In Western architecture, a living room, also called a lounge room (Australian English), lounge (British English), sitting room (British English), or drawing room, is a room for relaxing and socializing in a residential house or apartment. Such a room is sometimes called a front room when it is near the main entrance at the front of the house. In large, formal homes, a sitting room is often a small private living area adjacent to a bedroom, such as the Queens' Sitting Room and the Lincoln Sitting Room of the White House.

In the late 19th or early 20th century, Edward Bok advocated using the term living room for the room then commonly called a [[Parlour|parlo[u]r]] or drawing room, and is sometimes erroneously credited with inventing the term. It is now a term used more frequently when referring to a space to relax and unwind within a household. Within different parts of the world, living rooms are designed differently and evolving, but all share the same purpose, to gather users in a comfortable space.

== Overview ==
In homes that lack a parlour or family room, the living room may also function as a drawing room for guests. Objects in living rooms may be used "to instigate and mediate contemplation about significant others, as well as to regulate the amount of intimacy desired with guests."
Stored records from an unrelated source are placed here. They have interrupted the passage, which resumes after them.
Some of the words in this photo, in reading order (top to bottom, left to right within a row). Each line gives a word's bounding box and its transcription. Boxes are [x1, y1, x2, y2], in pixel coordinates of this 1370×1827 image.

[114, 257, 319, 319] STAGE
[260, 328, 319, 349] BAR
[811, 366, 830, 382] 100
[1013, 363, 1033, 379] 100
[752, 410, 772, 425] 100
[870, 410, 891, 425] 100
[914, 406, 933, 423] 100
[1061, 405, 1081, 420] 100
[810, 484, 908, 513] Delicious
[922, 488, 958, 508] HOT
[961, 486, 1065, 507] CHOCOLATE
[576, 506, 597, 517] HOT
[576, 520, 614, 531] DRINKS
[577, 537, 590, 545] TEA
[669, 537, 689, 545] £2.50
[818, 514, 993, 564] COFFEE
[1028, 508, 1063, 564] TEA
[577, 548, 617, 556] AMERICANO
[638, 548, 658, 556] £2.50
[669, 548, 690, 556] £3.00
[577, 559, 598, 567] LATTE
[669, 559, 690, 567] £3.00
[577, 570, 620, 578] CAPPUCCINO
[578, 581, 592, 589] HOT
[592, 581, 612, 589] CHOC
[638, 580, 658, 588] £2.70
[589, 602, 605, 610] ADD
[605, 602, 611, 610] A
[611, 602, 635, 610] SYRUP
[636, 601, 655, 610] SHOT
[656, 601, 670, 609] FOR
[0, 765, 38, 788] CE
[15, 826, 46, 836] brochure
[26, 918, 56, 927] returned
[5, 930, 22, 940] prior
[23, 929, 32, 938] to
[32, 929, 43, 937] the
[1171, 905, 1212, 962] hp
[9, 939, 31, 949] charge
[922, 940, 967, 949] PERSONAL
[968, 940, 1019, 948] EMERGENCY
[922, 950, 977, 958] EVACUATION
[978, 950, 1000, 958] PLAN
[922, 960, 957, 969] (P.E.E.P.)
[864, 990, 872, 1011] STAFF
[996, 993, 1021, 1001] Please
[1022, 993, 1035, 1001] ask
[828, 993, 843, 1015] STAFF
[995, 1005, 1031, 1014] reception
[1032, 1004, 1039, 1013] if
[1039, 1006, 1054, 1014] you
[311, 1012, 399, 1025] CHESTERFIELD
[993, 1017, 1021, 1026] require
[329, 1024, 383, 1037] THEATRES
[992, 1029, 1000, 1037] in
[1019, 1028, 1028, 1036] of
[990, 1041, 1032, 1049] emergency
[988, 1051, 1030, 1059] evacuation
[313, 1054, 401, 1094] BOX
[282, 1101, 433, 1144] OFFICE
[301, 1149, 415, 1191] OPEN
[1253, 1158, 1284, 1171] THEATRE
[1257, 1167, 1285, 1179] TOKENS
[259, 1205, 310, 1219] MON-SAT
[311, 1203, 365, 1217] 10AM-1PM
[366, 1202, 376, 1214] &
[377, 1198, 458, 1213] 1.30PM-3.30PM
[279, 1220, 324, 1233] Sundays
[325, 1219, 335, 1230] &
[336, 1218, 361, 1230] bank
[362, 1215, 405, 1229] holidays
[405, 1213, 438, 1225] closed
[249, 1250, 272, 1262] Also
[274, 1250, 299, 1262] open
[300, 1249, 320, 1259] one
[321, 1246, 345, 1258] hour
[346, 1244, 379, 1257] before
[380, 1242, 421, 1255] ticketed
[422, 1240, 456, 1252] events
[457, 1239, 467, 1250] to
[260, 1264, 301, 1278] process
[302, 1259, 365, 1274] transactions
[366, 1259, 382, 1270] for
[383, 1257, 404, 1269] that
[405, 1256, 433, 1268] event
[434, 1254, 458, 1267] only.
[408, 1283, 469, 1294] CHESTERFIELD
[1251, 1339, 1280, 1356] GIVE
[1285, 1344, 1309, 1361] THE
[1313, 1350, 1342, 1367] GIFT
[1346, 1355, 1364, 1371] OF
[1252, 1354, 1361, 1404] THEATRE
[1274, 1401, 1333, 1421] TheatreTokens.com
A typical Western living room may contain furnishings such as a couch, chairs, occasional tables, coffee tables, bookshelves, televisions, electric lamps, rugs, carpet, or other furniture. Depending on climate, sitting rooms would traditionally contain a fireplace, dating from when this was necessary for heating. In a Japanese sitting room, called a washitsu, the floor is covered with tatami, sectioned mats, on which people can sit comfortably. They also typically consist of shoji, fusuma, and ramas which allow for the space to be very minimalistic and cohesive. Japanese living room design concepts contradicted UK and New Zealand ideals in the way that Japanese culture believed in warming the person, instead of the home. This consisted of owning a portable hibachi for cooking needs rather than heating needs, meanwhile people in the UK and New Zealand used fireplaces to warm the space and not for cooking needs. Japanese cultural belief systems affected their design characteristics in the way that ornamentation should be minimal while incorporating natural elements.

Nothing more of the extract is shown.